Down to the last word, output the records below, skipping any images.

DATA FOR THIS EXERCISE START

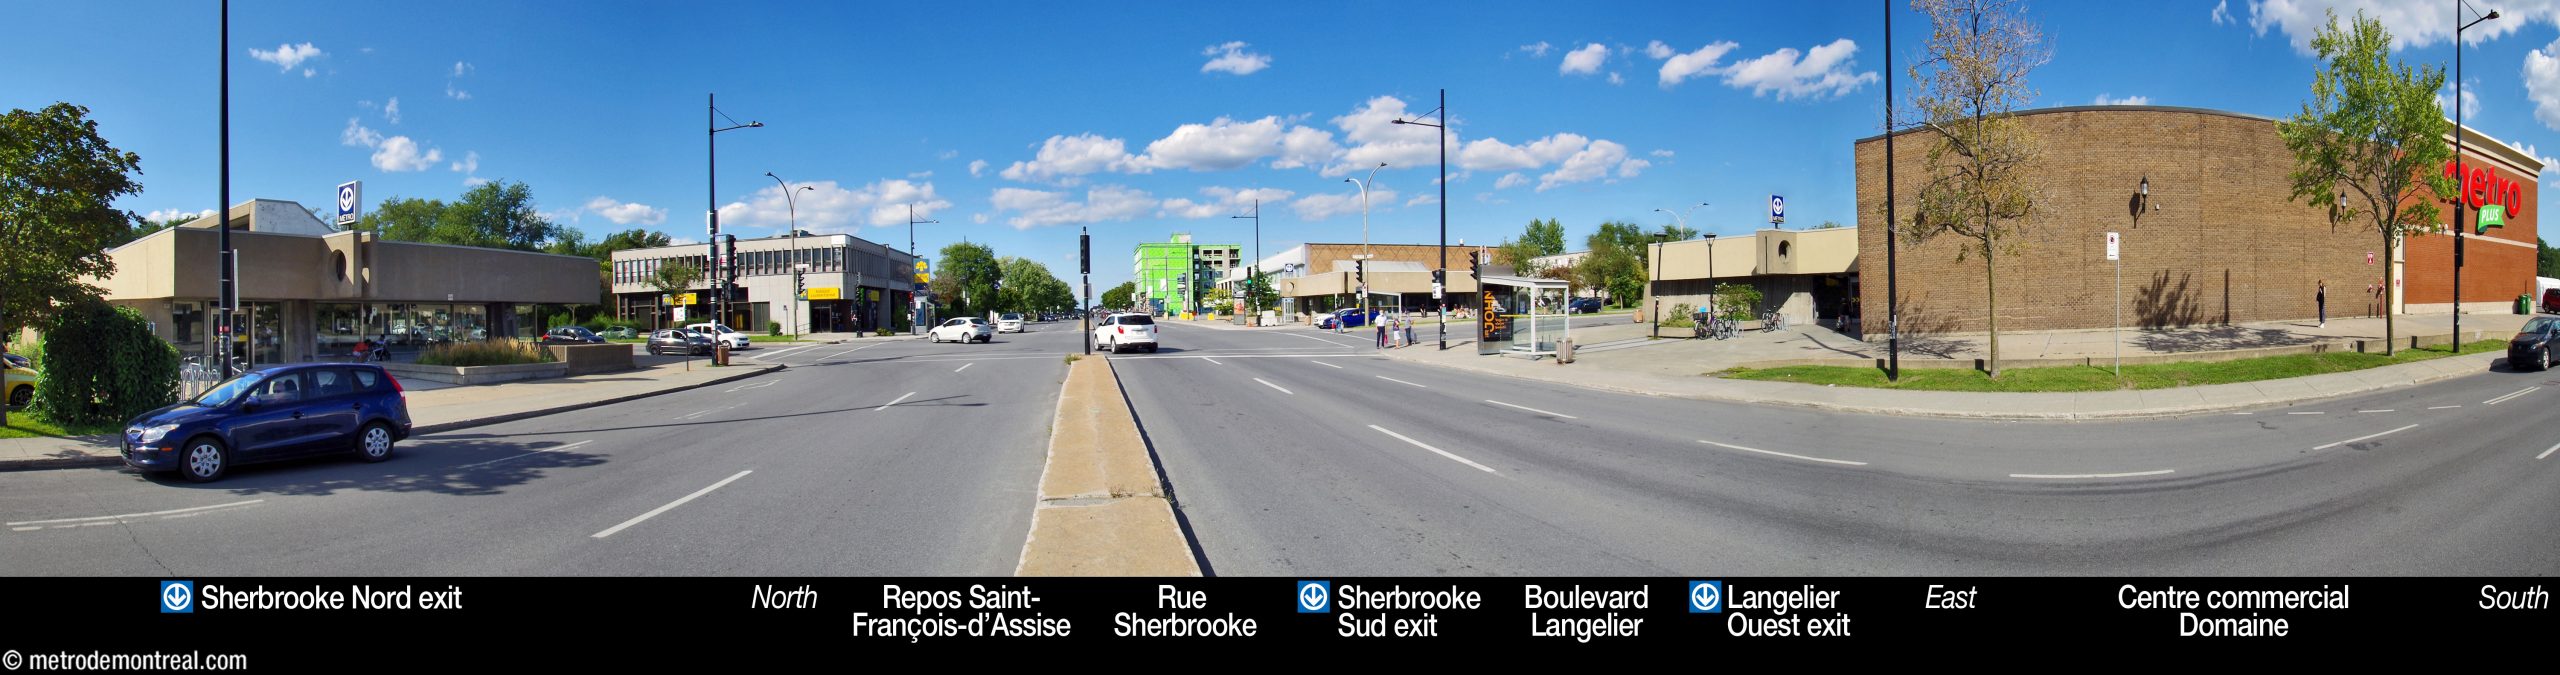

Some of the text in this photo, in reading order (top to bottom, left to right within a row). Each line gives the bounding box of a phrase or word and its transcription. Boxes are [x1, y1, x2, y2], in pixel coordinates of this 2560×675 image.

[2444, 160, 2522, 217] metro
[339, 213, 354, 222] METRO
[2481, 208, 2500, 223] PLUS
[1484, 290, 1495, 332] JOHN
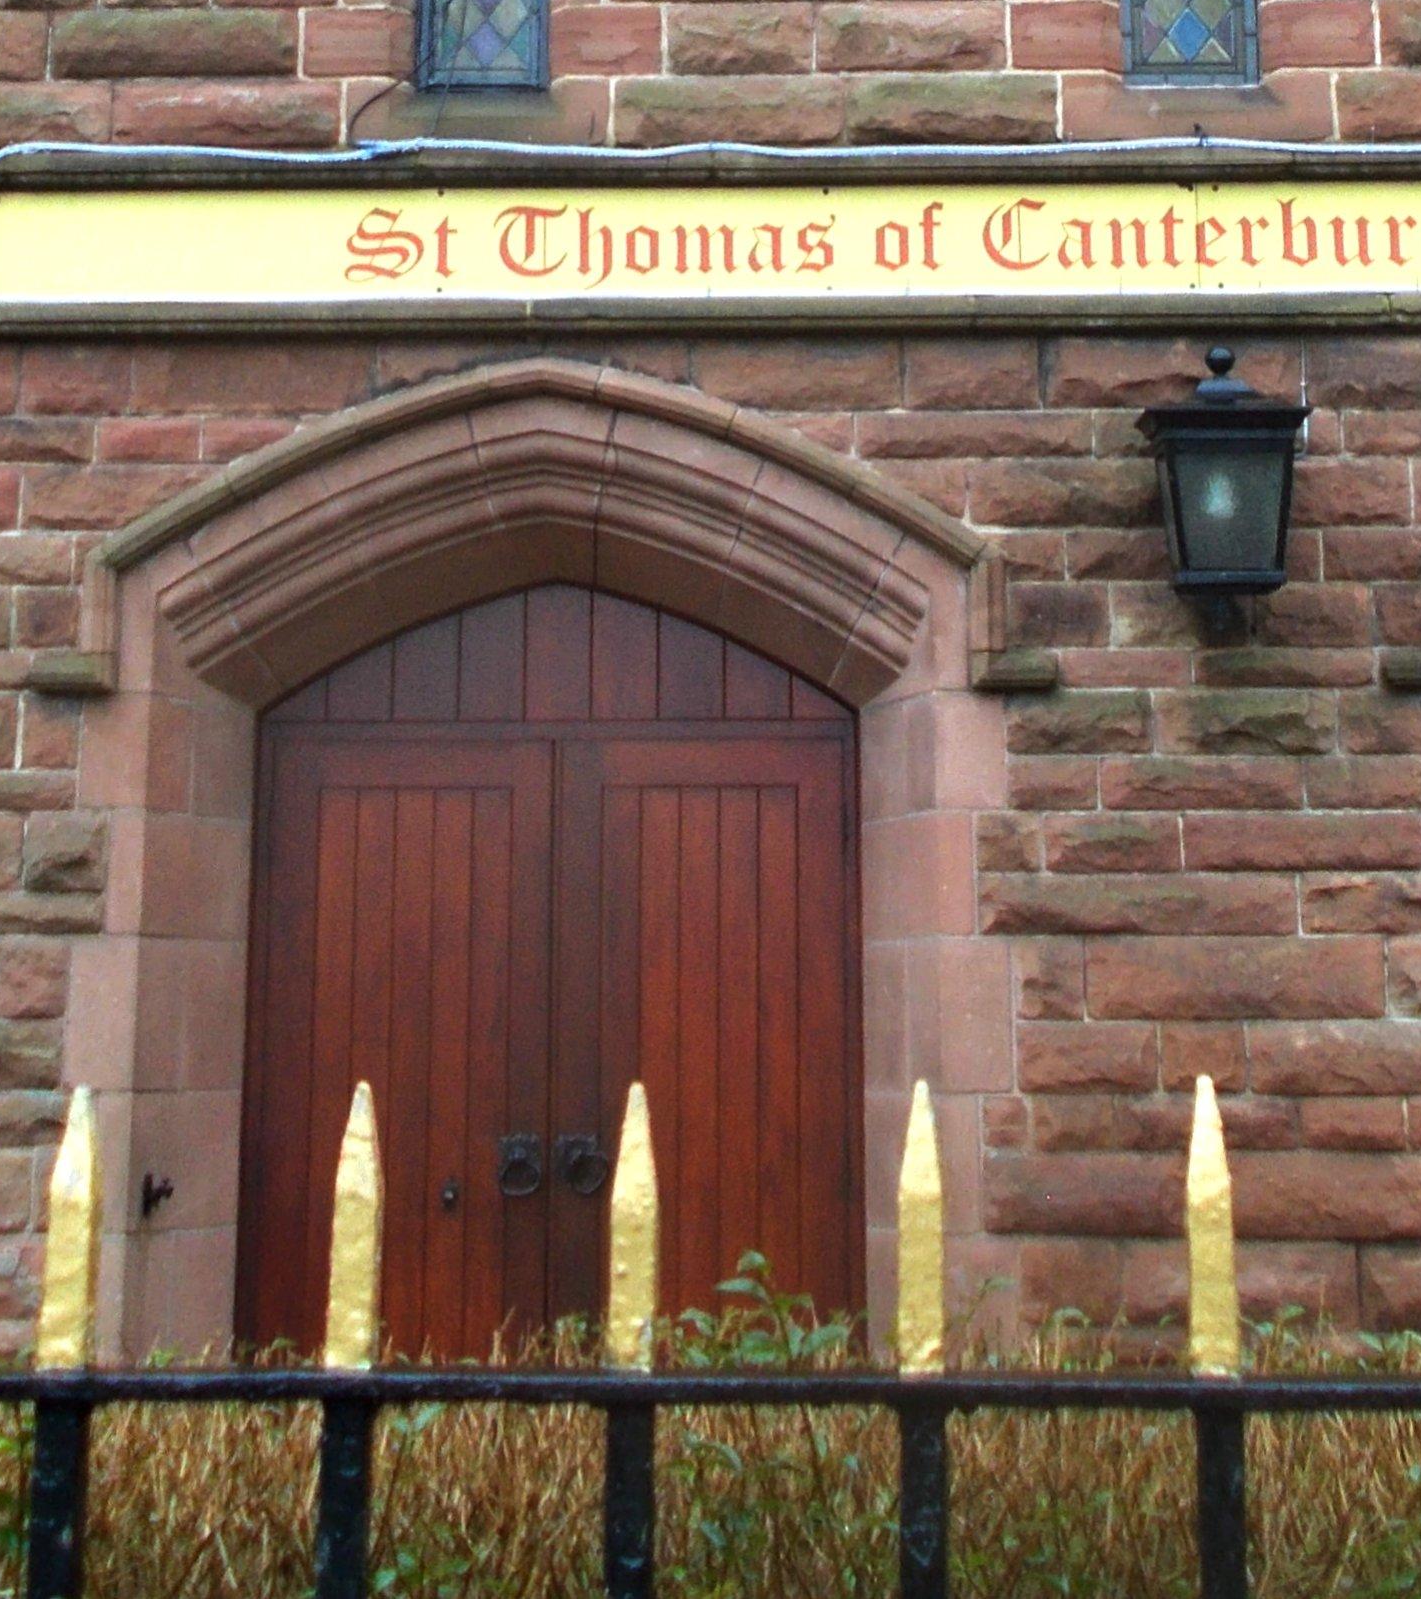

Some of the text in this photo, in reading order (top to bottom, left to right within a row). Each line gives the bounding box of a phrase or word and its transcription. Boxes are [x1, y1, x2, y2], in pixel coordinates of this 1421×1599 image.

DATA FOR THIS EXERCISE END

TASK RESPONSE:
Some of the text in this photo, in reading order (top to bottom, left to right within a row). Each line gives the bounding box of a phrase or word and its transcription. Boxes are [x1, y1, x2, y2], in pixel coordinates of this 2560×675 image.

[2444, 160, 2522, 217] metro
[339, 213, 354, 222] METRO
[2481, 208, 2500, 223] PLUS
[1484, 290, 1495, 332] JOHN

Some of the text in this photo, in reading order (top to bottom, left to right within a row). Each line gives the bounding box of a phrase or word and its transcription. Boxes are [x1, y1, x2, y2], in pixel coordinates of this 1421×1599 image.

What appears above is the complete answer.